What you have to do - Reproduce every entry exactly and leave its pictures out.

Records for the task Start Marker

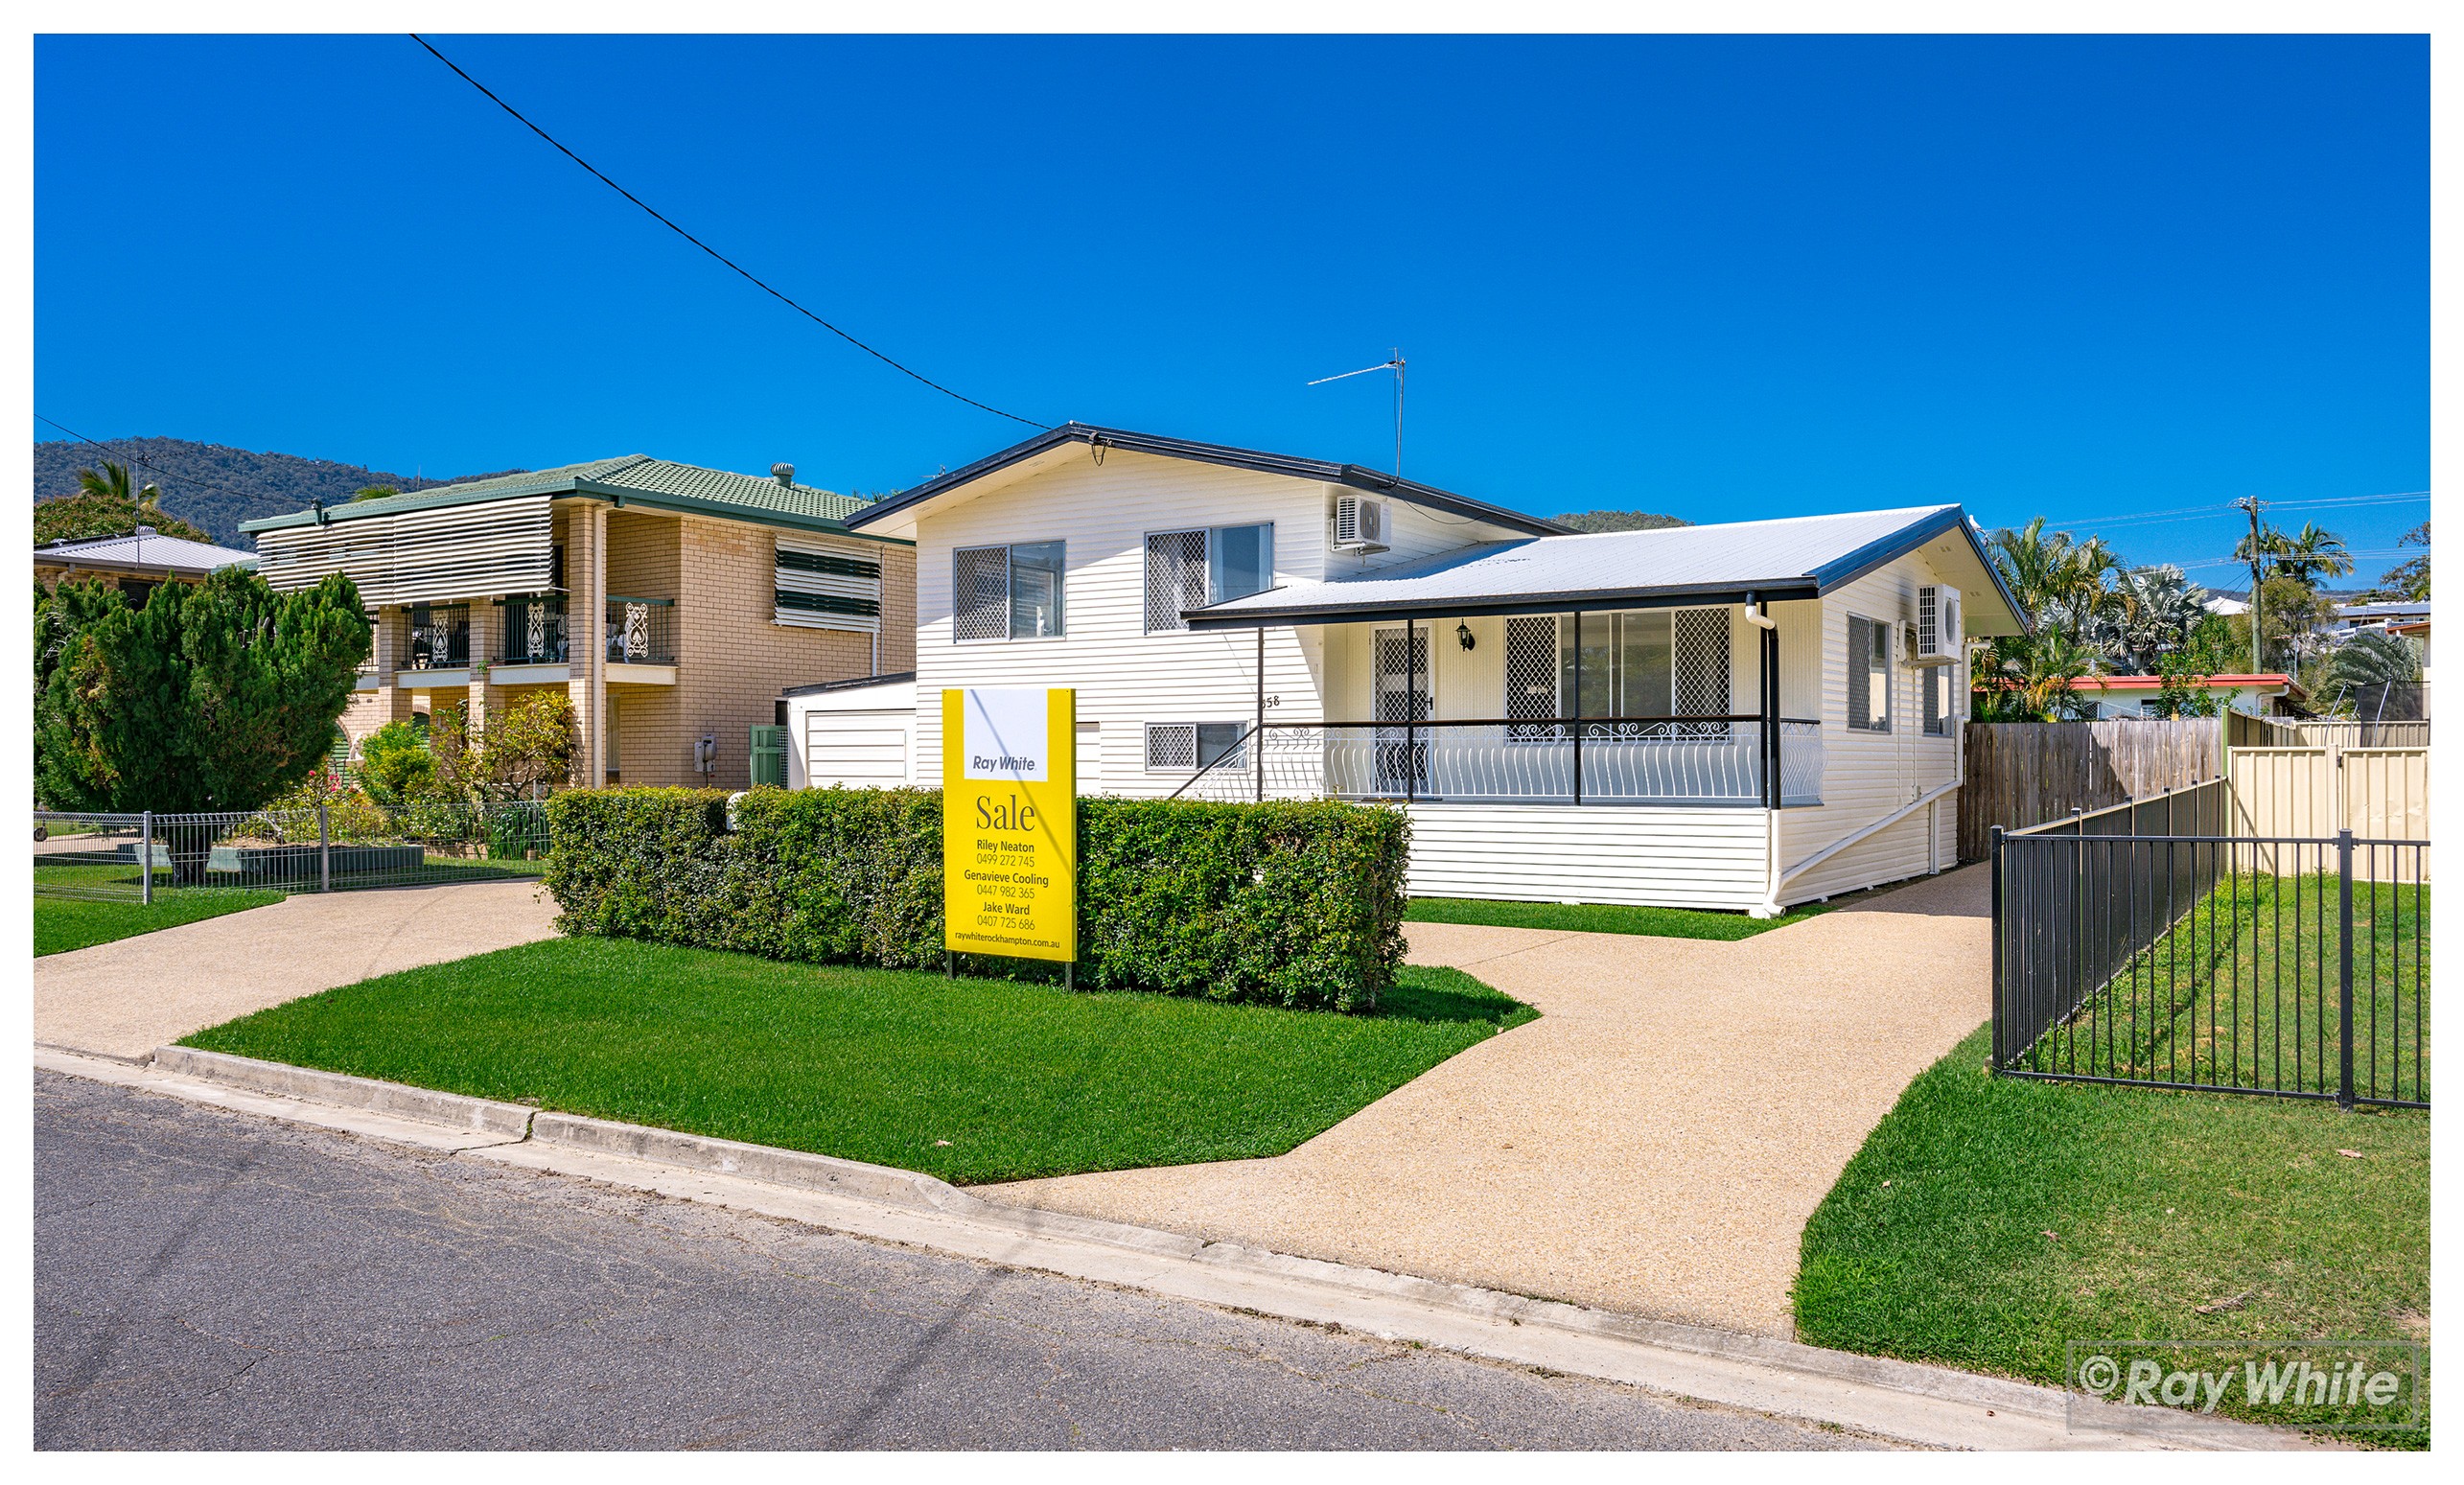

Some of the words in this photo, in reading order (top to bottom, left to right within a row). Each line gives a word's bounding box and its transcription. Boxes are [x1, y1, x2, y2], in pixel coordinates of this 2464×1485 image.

[973, 755, 997, 773] Ray
[1000, 756, 1035, 771] White
[976, 794, 1035, 832] Sale
[977, 839, 998, 853] Riley
[1000, 841, 1034, 852] Neaton
[976, 853, 998, 865] 0499
[1000, 855, 1016, 867] 272
[1018, 856, 1035, 868] 745
[964, 869, 1011, 883] Genavieve
[1012, 872, 1049, 889] Cooling
[976, 884, 998, 896] 0447
[1000, 886, 1016, 898] 982
[1018, 887, 1035, 899] 365
[983, 901, 1003, 913] Jake
[1005, 903, 1030, 916] Ward
[977, 915, 998, 927] 0407
[1000, 917, 1016, 929] 725
[1018, 918, 1035, 931] 686
[954, 932, 1060, 949] raywhiterockhampton.com.au

Records for the task End Marker

Expected output -
Some of the words in this photo, in reading order (top to bottom, left to right within a row). Each line gives a word's bounding box and its transcription. Boxes are [x1, y1, x2, y2], in pixel coordinates of this 2464×1485 image.

[973, 755, 997, 773] Ray
[1000, 756, 1035, 771] White
[976, 794, 1035, 832] Sale
[977, 839, 998, 853] Riley
[1000, 841, 1034, 852] Neaton
[976, 853, 998, 865] 0499
[1000, 855, 1016, 867] 272
[1018, 856, 1035, 868] 745
[964, 869, 1011, 883] Genavieve
[1012, 872, 1049, 889] Cooling
[976, 884, 998, 896] 0447
[1000, 886, 1016, 898] 982
[1018, 887, 1035, 899] 365
[983, 901, 1003, 913] Jake
[1005, 903, 1030, 916] Ward
[977, 915, 998, 927] 0407
[1000, 917, 1016, 929] 725
[1018, 918, 1035, 931] 686
[954, 932, 1060, 949] raywhiterockhampton.com.au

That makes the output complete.